World Prematurity Day: 15 million preterm born babies worldwide need a strong voice

November 17 marks global World Prematurity Day. This day aims to raise awareness for the challenges of preterm birth and shine a light on the risks and consequences faced by preterm infants and their families worldwide.

In Viet Nam, it is estimated that 17,000 children die within their first 28 days and 103,500 babies are born preterm annually. (Photo: UNICEF)

Preterm birth is the leading cause of death in children under the age of five; each year, about 15 million babies worldwide are born prematurely, that is about 1 in 10 children.

In Viet Nam, it is estimated that 17,000 children die within their first 28 days and 103,500 babies are born preterm annually.

The global COVID-19 pandemic forced neonatal units worldwide to adopt strict safety measures that unfortunately often separated parents from their preterm babies in the neonatal unit, with detrimental consequences for babies and parents alike.

In addition to the health challenges experienced by the newborns, separation of parents from their babies contributes to severe and long-term health and developmental issues in newborns and also affects parents’ mental health in lasting ways.

With the theme “Zero Separation. Act now! Keep parents and babies born too soon together”, this year’s World Prematurity Day is an opportunity to advocate for every parent’s right to have unrestricted access to their babies in hospital, no matter where and when.

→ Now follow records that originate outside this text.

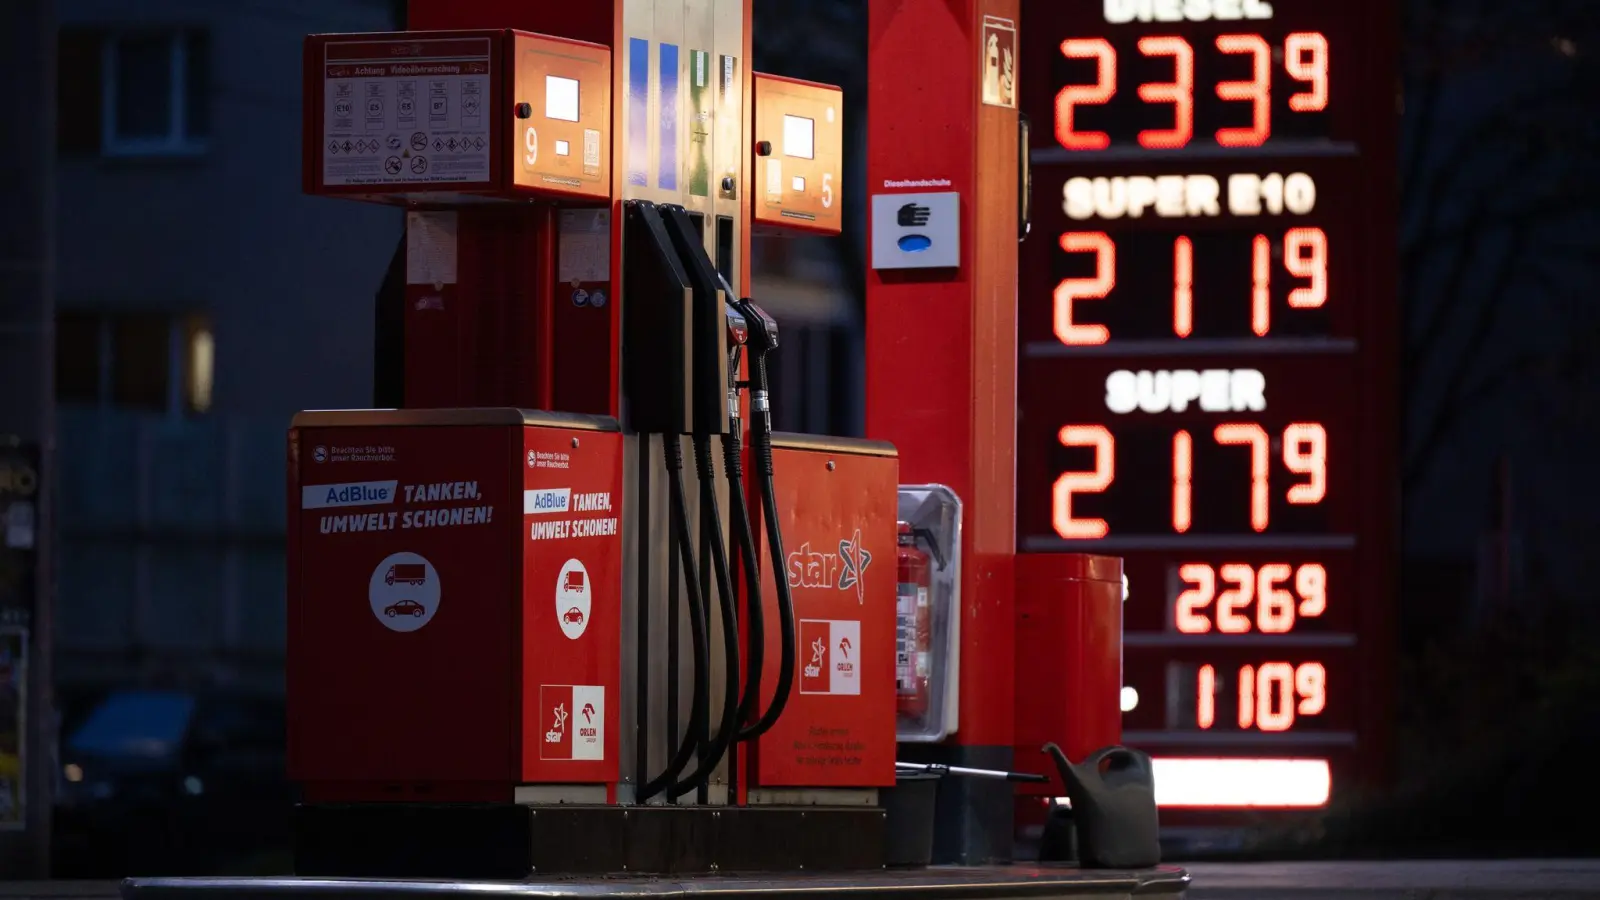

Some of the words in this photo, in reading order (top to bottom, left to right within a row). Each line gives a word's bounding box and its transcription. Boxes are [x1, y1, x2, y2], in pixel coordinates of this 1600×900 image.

[355, 66, 385, 76] Achtung
[336, 104, 350, 112] E10
[525, 126, 538, 166] 9
[821, 173, 833, 208] 5
[883, 178, 952, 188] Dieselhandschuhe
[1062, 174, 1221, 220] SUPER
[1227, 171, 1317, 217] E10
[1105, 368, 1267, 414] SUPER
[403, 480, 483, 504] TANKEN,
[573, 492, 612, 512] TANKEN,
[320, 511, 398, 534] UMWELT
[401, 506, 494, 529] SCHONEN!
[531, 520, 571, 541] UMWELT
[571, 517, 618, 538] SCHONEN!
[788, 542, 837, 588] star
[804, 663, 821, 677] star
[545, 728, 562, 743] star
[580, 727, 597, 737] ORLEN

Even without the additional risks of a global pandemic, preterm babies are among the most vulnerable patients worldwide and, as studies have shown time and again, they need their parents by their side. Healthcare systems are encouraged to balance the needs of babies born too soon, too small, or too sick and their families with the requirements to keep hospitals running and the staff safe during the pandemic.

In Viet Nam, UNICEF continues to work with the Ministry of Health to support and scale-up newborn lifesaving interventions throughout the country. This work focuses in particular on the rural and mountainous provinces in the North and Central Highlands, where a number of ethnic populations live and where worryingly high neonatal mortality rates persist.

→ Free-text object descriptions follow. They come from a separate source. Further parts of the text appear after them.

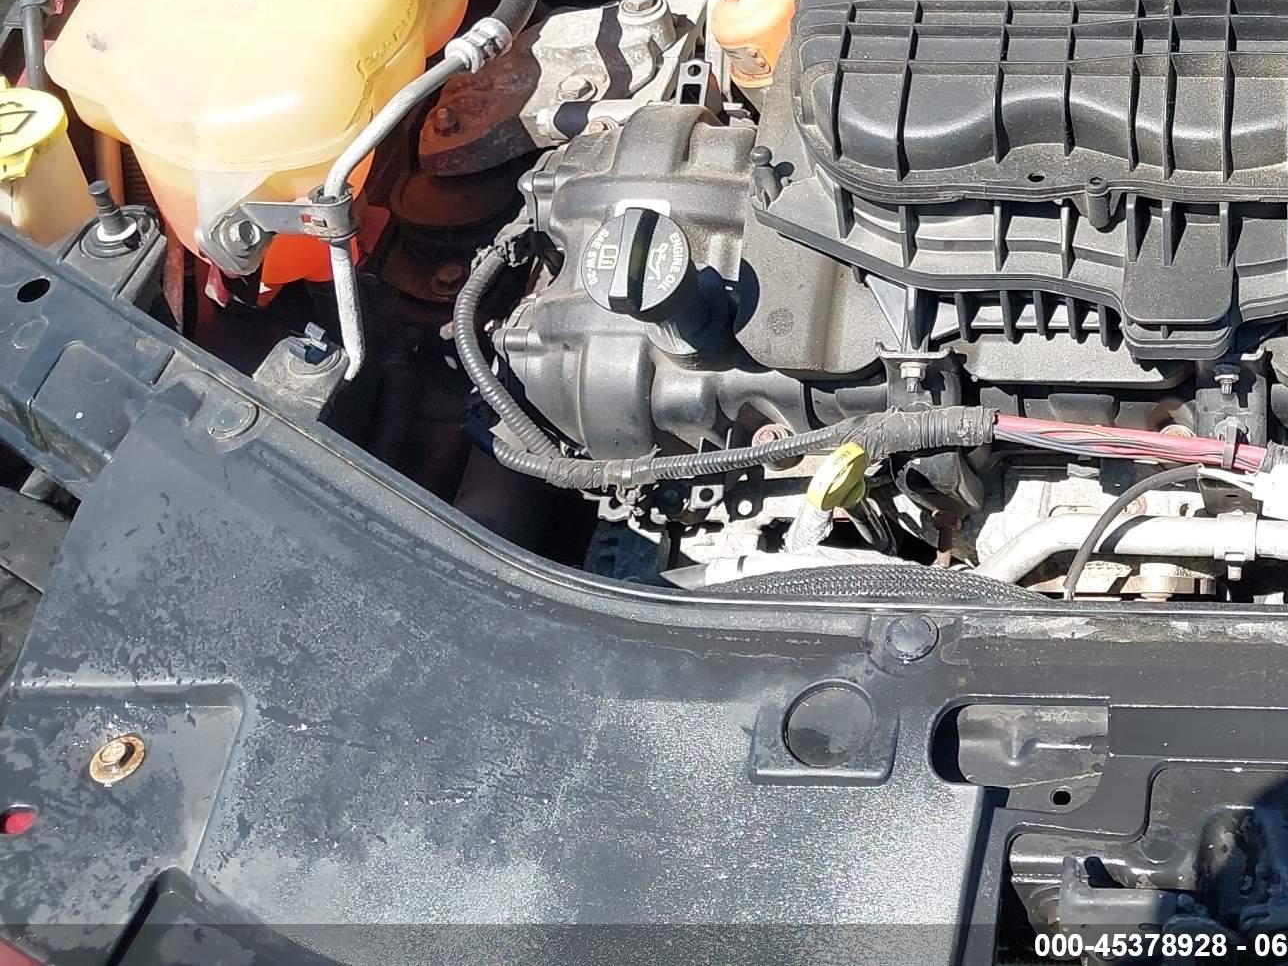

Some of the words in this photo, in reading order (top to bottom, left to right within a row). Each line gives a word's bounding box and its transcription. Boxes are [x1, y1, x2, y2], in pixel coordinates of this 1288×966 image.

[591, 229, 609, 250] SAE
[670, 233, 684, 274] ENGINE
[586, 251, 599, 286] 5W-20
[657, 275, 676, 292] OIL
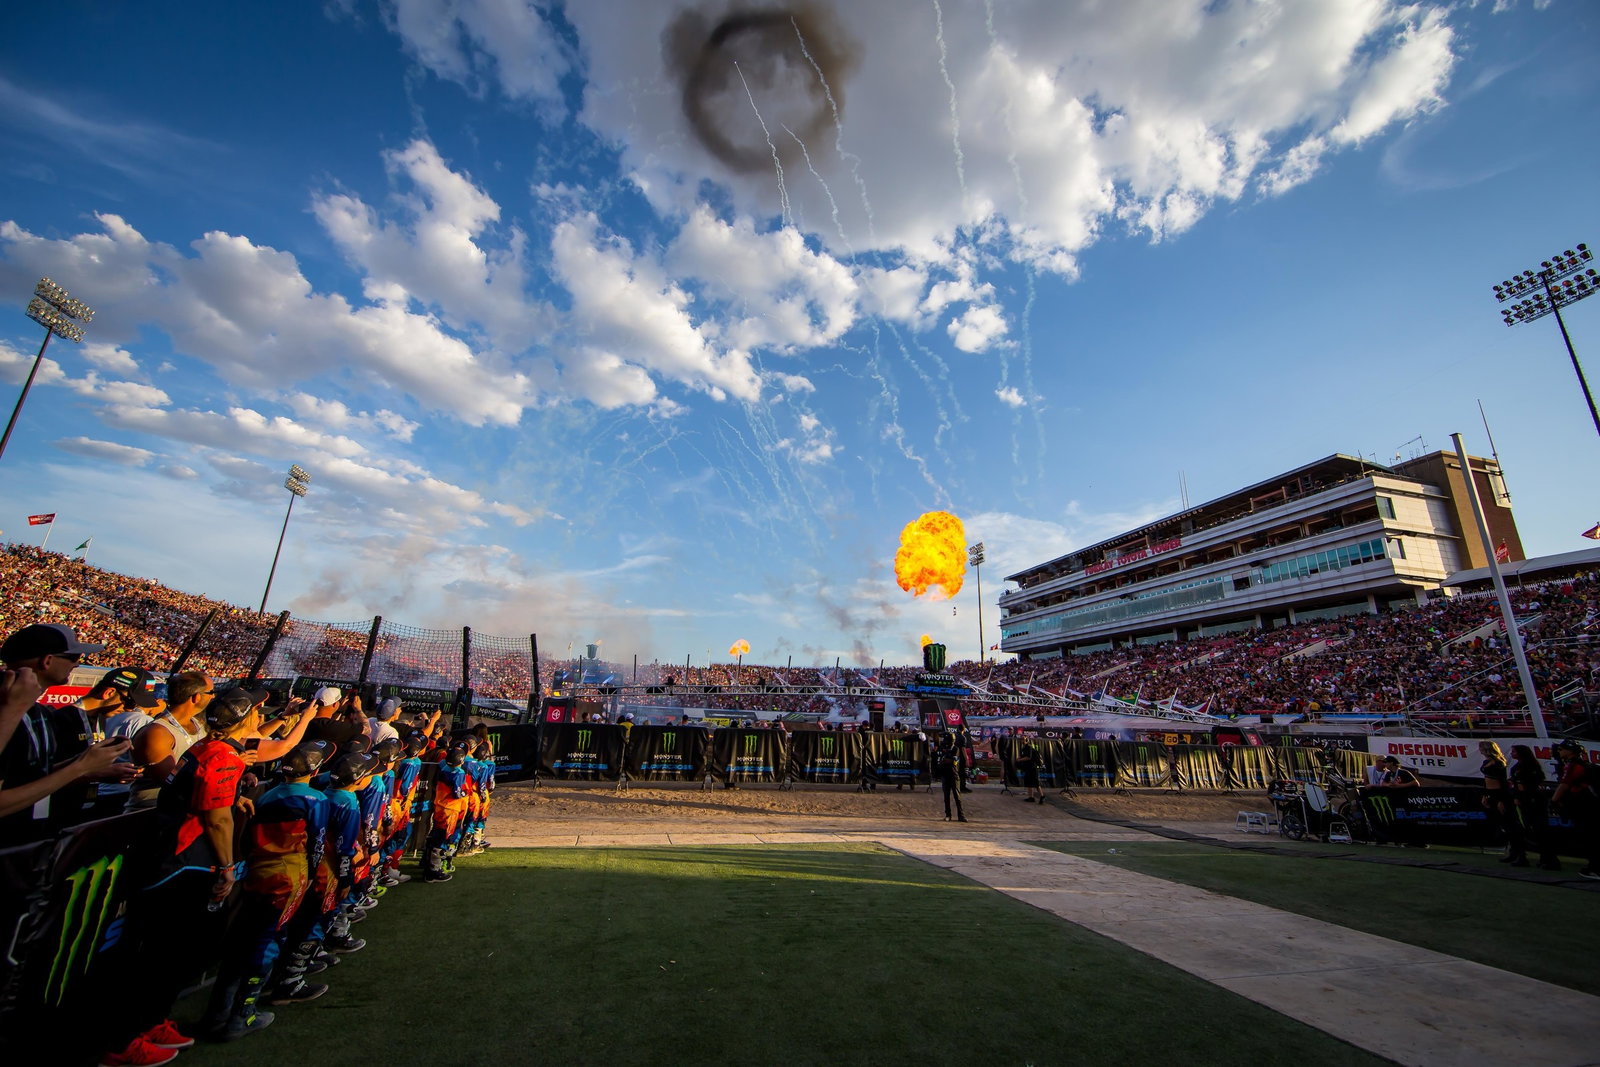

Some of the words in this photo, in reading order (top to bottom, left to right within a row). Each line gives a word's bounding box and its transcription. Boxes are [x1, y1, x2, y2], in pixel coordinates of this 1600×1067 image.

[1116, 549, 1147, 566] TOYOTA
[1150, 538, 1182, 555] TOWER
[920, 673, 955, 681] MONSTER
[401, 688, 442, 697] MONSTER
[479, 708, 506, 718] MONSTER
[1388, 743, 1467, 758] DISCOUNT
[1410, 758, 1446, 767] TIRE
[1408, 796, 1458, 805] MONSTER

“Cost-effective interventions to save newborns include immediate skin-to-skin contact and early initiation of breastfeeding for newborns. Skin-to-skin contact as early after birth and as continuously as possible has positive and protective effects, such as the regulation of cardiac and respiratory rates, the prevention of sepsis (severe infection), hypothermia (low body temperature) and hypoglycemia (low blood sugar), and reduced hospital readmission.

Meanwhile, early and exclusive breastfeeding and providing mother’s own milk have a positive impact on the baby’s short- and long-term physiological and neurodevelopmental outcomes. It is equally important to ensure that babies born too soon, too small or too sick, if needed, have equitable and quick access to higher levels of hospital care, irrespective of where they are born” said Maharajan Muthu, Chief of Child Survival and Development Programme of UNICEF Viet Nam.

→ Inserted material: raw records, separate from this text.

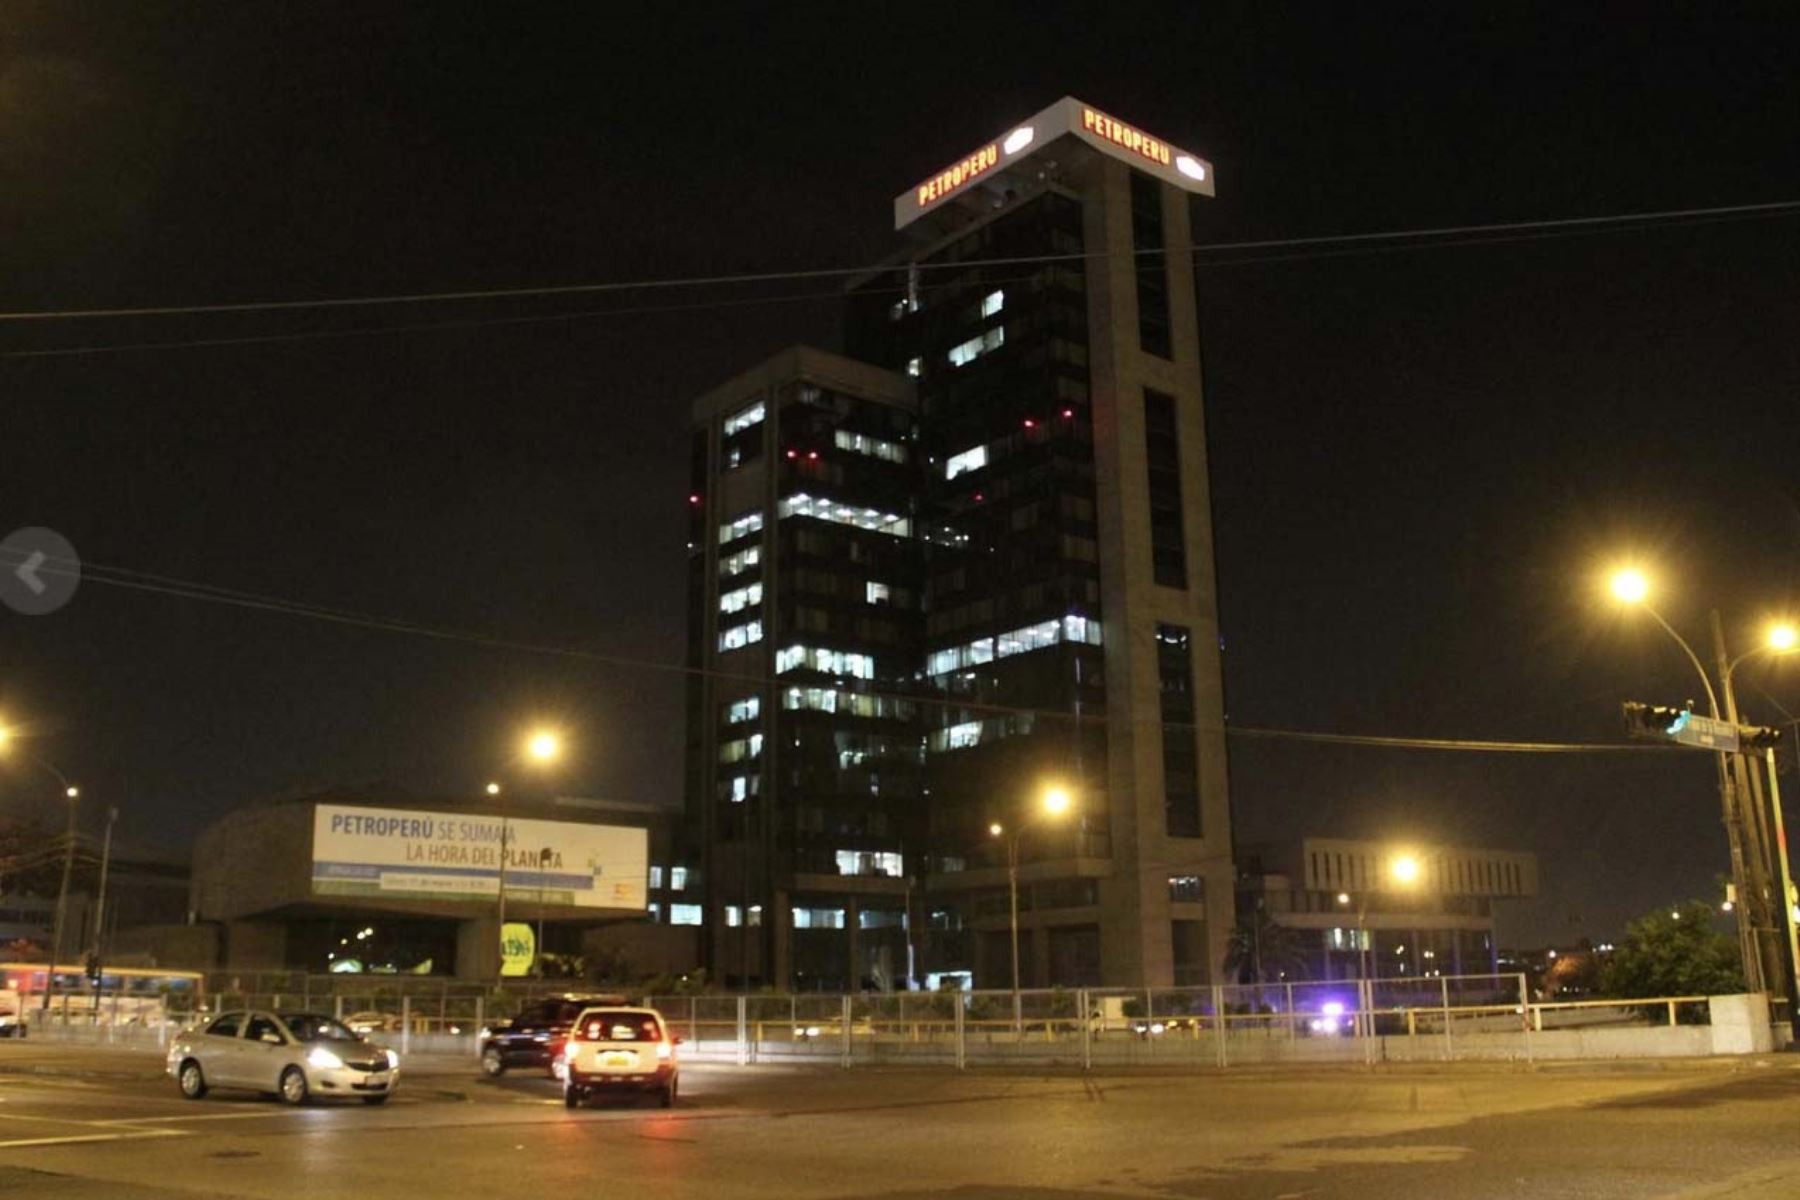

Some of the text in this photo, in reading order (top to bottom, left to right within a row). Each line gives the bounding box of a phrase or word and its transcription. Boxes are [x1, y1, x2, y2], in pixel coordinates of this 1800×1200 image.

[331, 814, 433, 839] PETROPERÚ
[438, 822, 456, 841] SE
[460, 823, 503, 843] SUMA
[406, 842, 424, 861] LA
[428, 844, 469, 864] HORA
[472, 847, 496, 866] DEL

As in previous years, World Prematurity Day activities are being carried out in about 100 countries this week to raise awareness and spur action to prevent preterm birth where possible, improve healthcare systems, and save babies’ lives.

In Viet Nam, a special event will be organized in Da Nang to mark World Prematurity Day by the Department of Maternal and Child Health of the Ministry of Health, United Nations Children's Fund (UNICEF), and Da Nang Hospital for Women and Children, to honor and recognize the contributions of health workers in newborn care as well as to raise awareness of the challenges surrounding preterm birth and ensure that people are informed about the risks and consequences.

The event is a part of Kimberly-Clark and UNICEF’s project to support the scale-up by the Ministry of Health of newborn care interventions in order to save the lives of many more newborns in Viet Nam.

On this occasion, the Department of Maternal and Child Health, Ministry of Health affirms that newborns care and neonatal mortality reduction are among the important goals not only for the health sector but also for Viet Nam as the country has committed to achieving the Sustainable Development Goals.